(Provided entries)

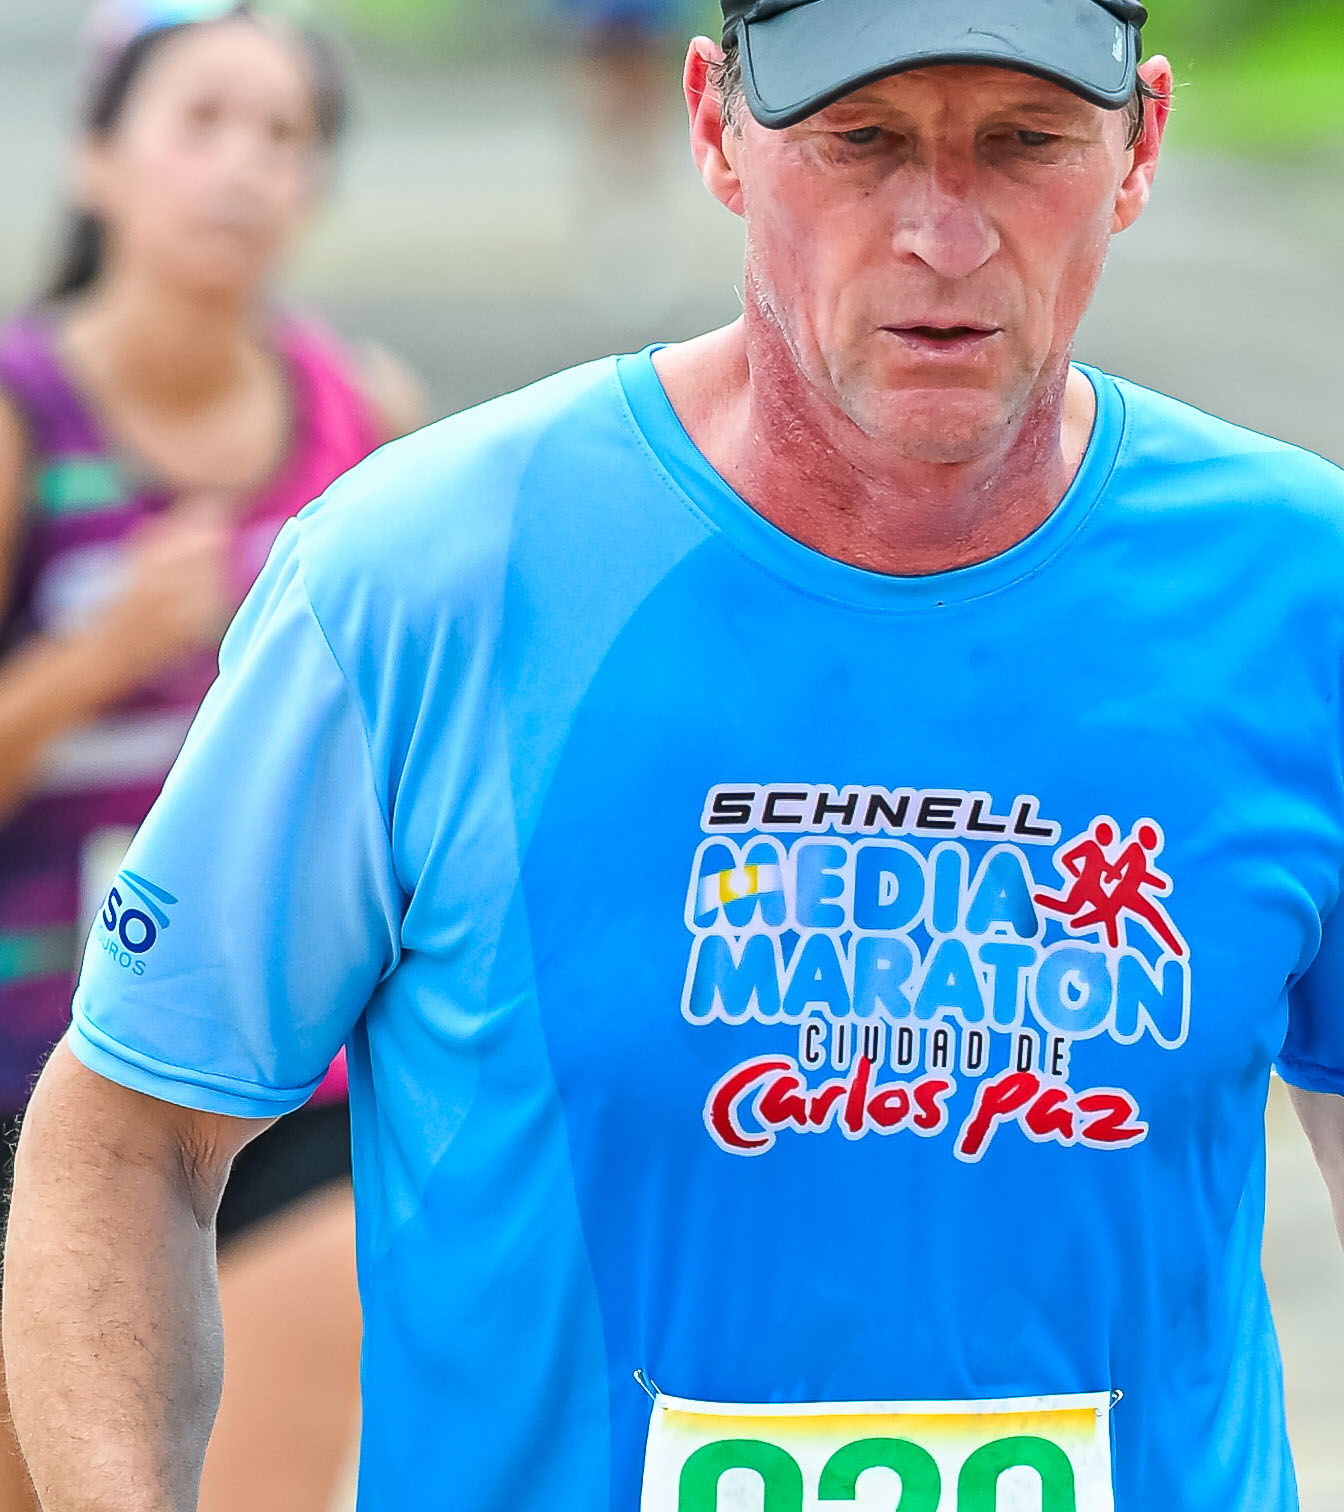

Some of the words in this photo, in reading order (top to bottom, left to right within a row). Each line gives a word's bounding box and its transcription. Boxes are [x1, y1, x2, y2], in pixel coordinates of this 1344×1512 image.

[709, 790, 1054, 838] SCHNELL
[688, 838, 1042, 939] MEDIA
[684, 933, 1186, 1046] MARATON
[806, 1024, 983, 1070] CIUDAD
[1016, 1034, 1065, 1076] DE
[710, 1055, 949, 1148] Carlos
[960, 1072, 1149, 1155] Paz
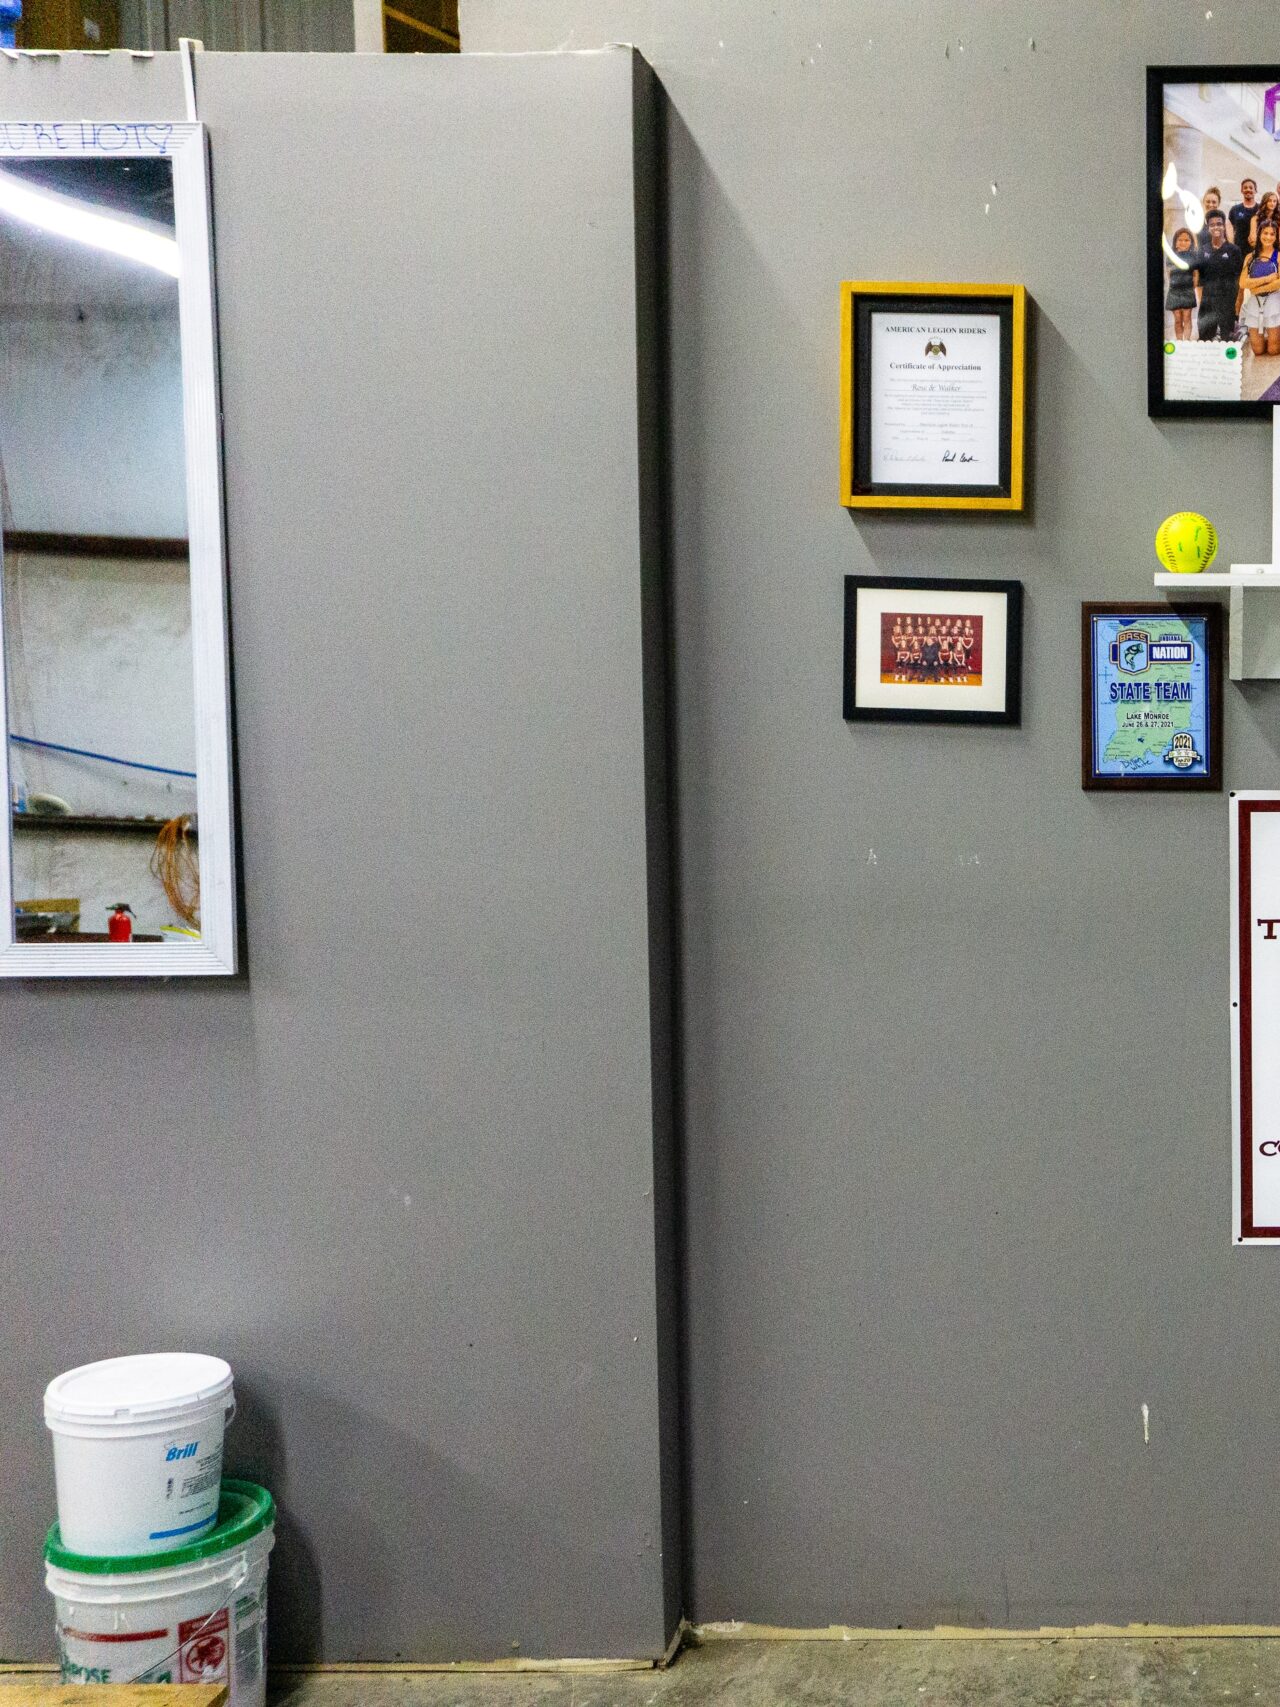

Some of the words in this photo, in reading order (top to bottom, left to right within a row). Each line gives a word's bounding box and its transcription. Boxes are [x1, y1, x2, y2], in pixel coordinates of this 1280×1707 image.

[958, 327, 987, 335] RIDERS
[889, 362, 926, 370] Certificate
[927, 362, 935, 370] of
[937, 363, 982, 371] Appreciation
[1152, 646, 1188, 659] NATION
[1110, 682, 1150, 700] STATE
[1154, 682, 1191, 700] TEAM
[1126, 712, 1142, 720] LAKE
[1143, 712, 1170, 720] MONROE
[1174, 735, 1191, 749] 2021
[166, 1441, 199, 1461] Brill
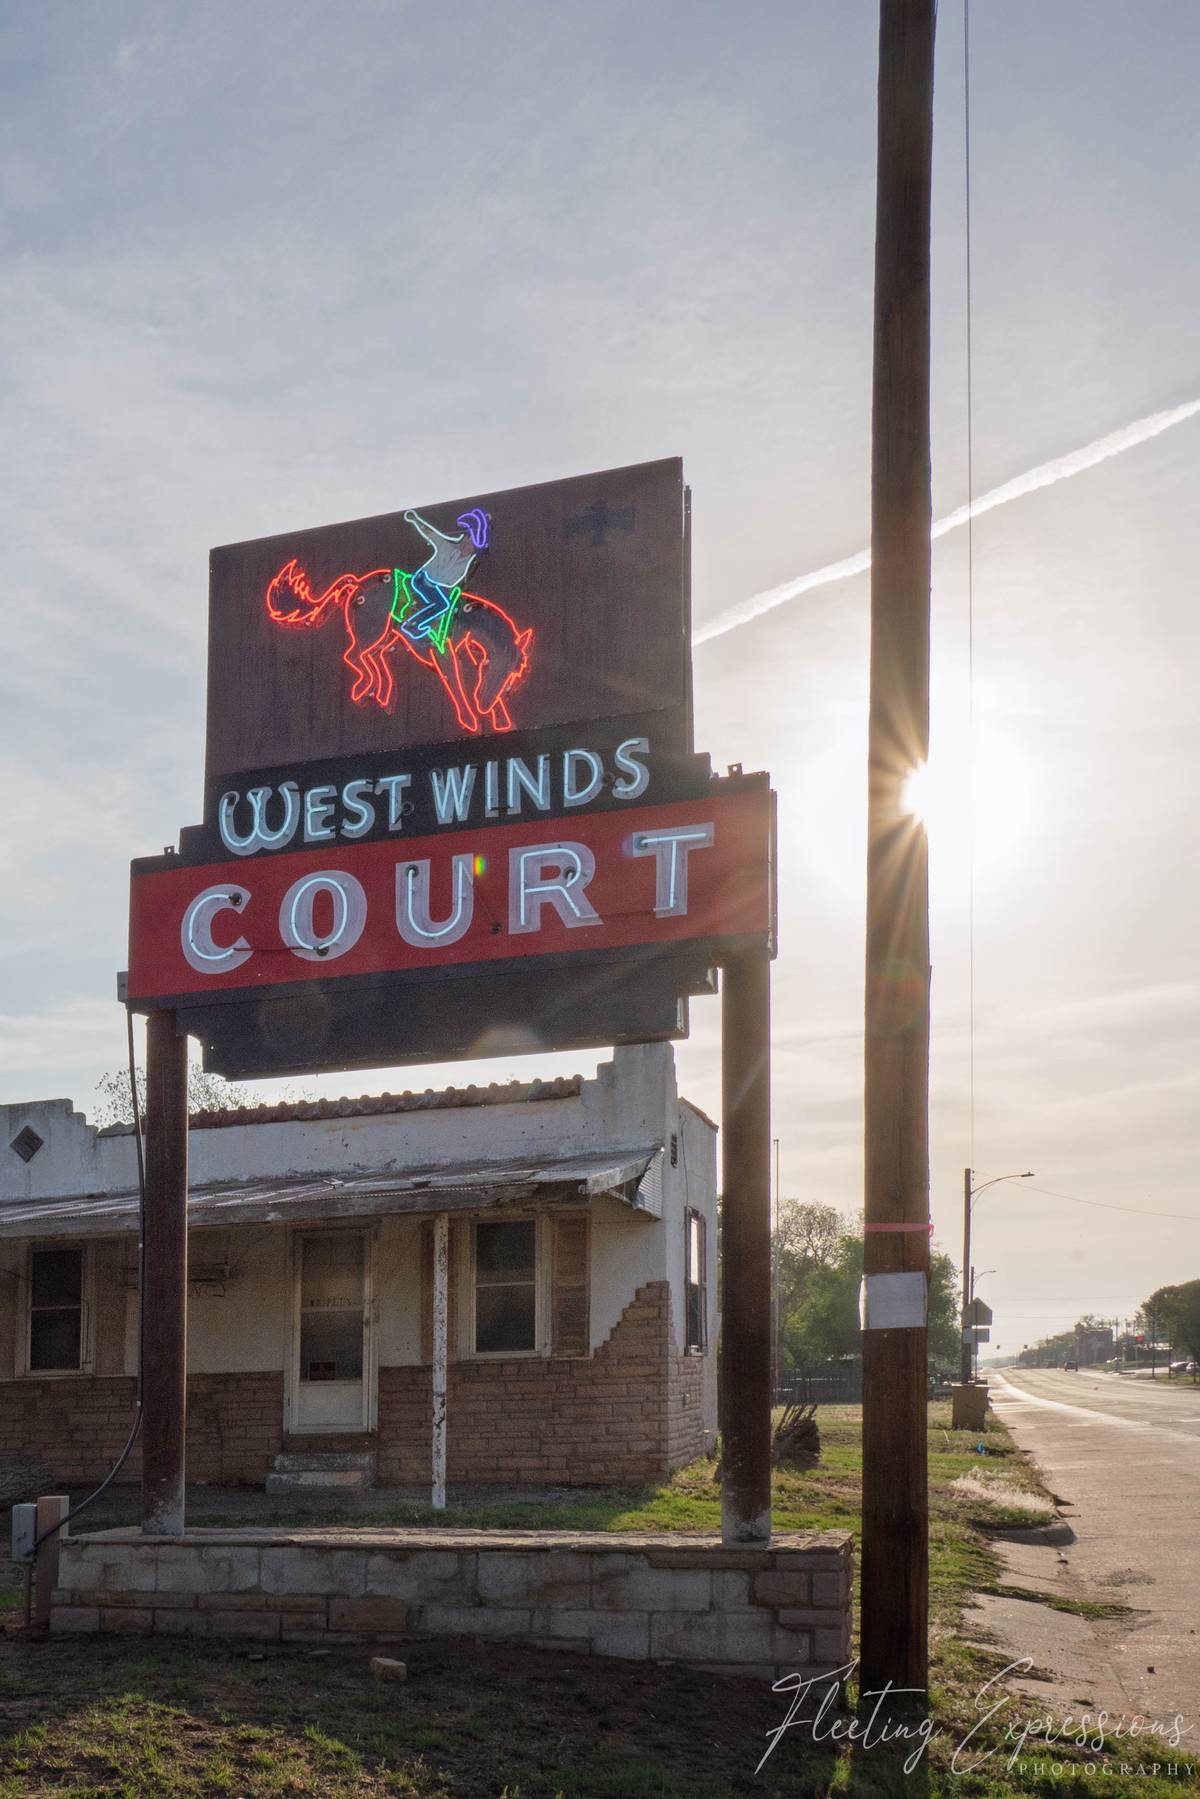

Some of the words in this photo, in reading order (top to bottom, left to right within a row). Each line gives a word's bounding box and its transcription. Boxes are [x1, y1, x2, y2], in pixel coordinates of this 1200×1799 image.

[219, 775, 412, 856] WEST
[432, 738, 650, 824] WINDS
[181, 823, 714, 974] COURT

(End Provided entries)

Work instruction >> Reproduce the records exactly, images excluded.

Your response >>
Some of the words in this photo, in reading order (top to bottom, left to right within a row). Each line gives a word's bounding box and its transcription. Boxes are [x1, y1, x2, y2], in pixel coordinates of this 1344×1512 image.

[709, 790, 1054, 838] SCHNELL
[688, 838, 1042, 939] MEDIA
[684, 933, 1186, 1046] MARATON
[806, 1024, 983, 1070] CIUDAD
[1016, 1034, 1065, 1076] DE
[710, 1055, 949, 1148] Carlos
[960, 1072, 1149, 1155] Paz

Some of the words in this photo, in reading order (top to bottom, left to right within a row). Each line gives a word's bounding box and its transcription. Boxes are [x1, y1, x2, y2], in pixel coordinates of this 1280×1707 image.

[958, 327, 987, 335] RIDERS
[889, 362, 926, 370] Certificate
[927, 362, 935, 370] of
[937, 363, 982, 371] Appreciation
[1152, 646, 1188, 659] NATION
[1110, 682, 1150, 700] STATE
[1154, 682, 1191, 700] TEAM
[1126, 712, 1142, 720] LAKE
[1143, 712, 1170, 720] MONROE
[1174, 735, 1191, 749] 2021
[166, 1441, 199, 1461] Brill

Some of the words in this photo, in reading order (top to bottom, left to right within a row). Each line gives a word's bounding box and its transcription. Boxes are [x1, y1, x2, y2], in pixel coordinates of this 1200×1799 image.

[219, 775, 412, 856] WEST
[432, 738, 650, 824] WINDS
[181, 823, 714, 974] COURT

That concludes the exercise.